- The Abbey of the Genesee - https://www.geneseeabbey.org -

April 17, 2016

Fr. Gerard D’Souza, OCSO
4th Sunday of Easter

In one of the shortest gospels, the Lord says ‘My sheep hear my voice.’ He speaking about us. How many of you feel really good about being called sheep. It is not that we do not compare ourselves to animals. We say – he works like a horse. He is as busy as a beaver. Or he is a bull of a man or a bull in a china shop, or he eats like a horse, strong as an ox, a lone wolf, a stubborn goat. But sheep? Sheep seem helpless, codependent. They are not rugged individualists. They are lost if they are not led. Yet Christ calls us His sheep. He does not call us His wolves or bulls or horses but His sheep. What’s behind this?

One of the earliest depictions of Christ is as the Good Shepherd. He is shown as a young man carrying a lamb around His neck. But what is very important is where this earliest image of the Good Shepherd is found. It is found in the catacombs. A place you associate with death. And it says something about the faith of the early Christians. They saw in Christ, the most complete answer to death. He is the Good Shepherd, because only he can rescue us from power of death. Centuries before Christ, the beautiful psalm shows this connection between the Good Shepherd and death ‘If I should walk in the ravine of the shadow of death, I fear no evil. For you are there with your club and your staff and these are comforting to me.’

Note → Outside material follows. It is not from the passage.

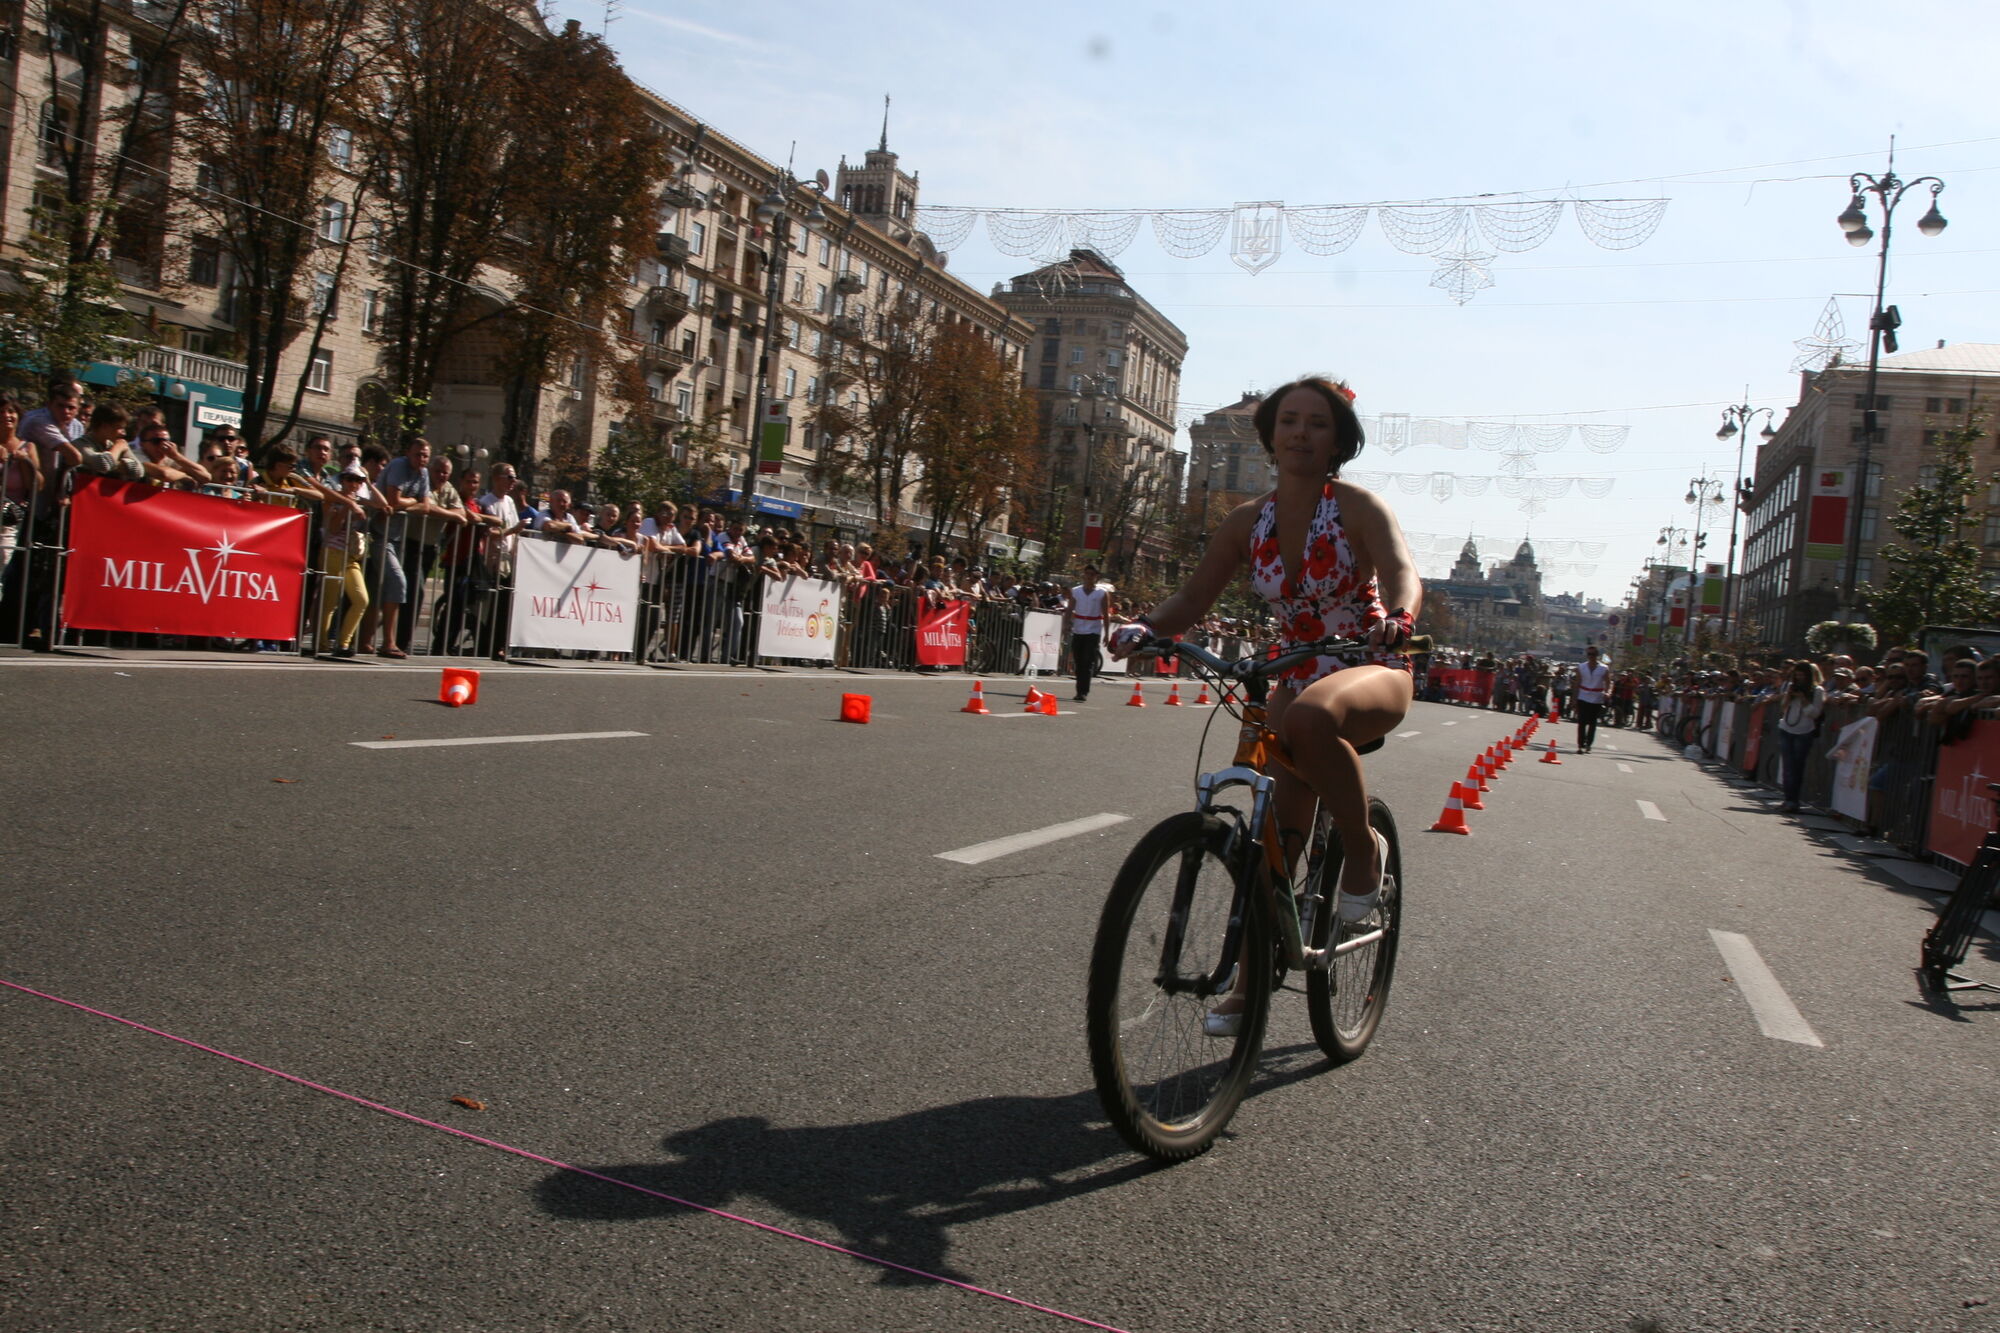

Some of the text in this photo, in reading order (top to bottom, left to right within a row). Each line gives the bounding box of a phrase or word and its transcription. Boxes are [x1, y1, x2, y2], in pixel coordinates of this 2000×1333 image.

My brothers and sisters, we may flatter ourselves that we are strong, resilient, courageous, indestructible, independent. But when it comes to death and sin we are totally helpless. Human strength, human will power, human ingenuity is as nothing before this wall. We have never found and will never find a cure for these dark realities – sin and death. Death terrified ancient people because it always was a drop off the precipice. One moment you were alive and vital –the next moment dead. With our superior medical systems death is less and less a drop off the precipice and more of a slow slide down a slope. But the end point is the same – death. This is one disease they will never find a cure for. And before death we are helpless. We do not know the way out or if there is a way out. We are like sheep, helplessly milling around and unless Someone shows us the way forward we are lost. Only Christ has found the way through. That is why we celebrate Good Shepherd Sunday each year on the 4th Sunday of Easter in the time of resurrection.

Out of curiosity I checked on the various symbols for the ancient gods. Gods our early Christian forbears would have worshipped before they converted to Christ. I looked to see what they saw in their gods. Jupiter had the lightning bolt, the golden eagle, the oak tree. Neptune, the sea god his trident. Pluto the god of the underworld, his helmet of darkness and his three headed guard dog. Mars the war god, his blood stained spear, the wild boar and the vulture. Apollo, the sun and the lyre and the bow and arrow. Thor the Norse god his hammer. All impressive symbols but if you look closely the common thread running through them is power. Not much has changed you know. Look at what we worship today. Look at our idols – our sports idols, our beautiful stars, our business tycoons, our military heroes. Power and glory still attracts us. Now contrast this with Christ. How does the Bible depict Him? He is the Lamb of God. Our second reading calls Him, the Lamb that was slain. Not power but powerlessness. How strange.

When you ask man to conjure up a god, he conjures a powerful god. When the God who made heaven and earth reveals Himself – He is the lamb that was slain for us. It is so counter intuitive that it’s got to be true. Only God could think like this. Man thinks of power. But God is about love. God all powerful, all mighty, the Pantocrator comes among us as the lamb that was slain for us. None of the ancient gods took on death. They occupied a deathless realm removed from out troubled one. They were there and we were here and the great chasm of death separated us. They did not know death from the inside. But Christ took on our flesh so that He could take on our death and thus conquer death for our sake. Only the Lamb that was slain can be the Good Shepherd for us. Only He who knows death from the inside and who rose from the dead can lead us out of the valley of death. But are we ready to be sheep again?

Are we ready to follow? My sheep hear my voice. Whose voice do we hear? Is it the voice of our own pride or do we truly seek to hear the voice of Christ – in His Word, in His Church, in the voice of our conscience. Do we listen or is our internal noise drowning out this quiet voice?

Following Christ is again a counter intuitive thing. Human maturity is a matter of becoming more independent. We grow up and leave behind our childish dependence and take responsibility for our actions and our future. No one expects a 50 year old to behave as a 5 year old. But the life in Christ is the reverse, we mature into spiritual adults only by becoming childlike and dependent on Christ. Without me you can do nothing – He has told us this. It does not flatter our ego but it is true. Now the bulls, the horses, the wolves cannot understand this. But the sheep do. They know only Christ can save us. They put aside their pride and humble themselves to follow Him alone.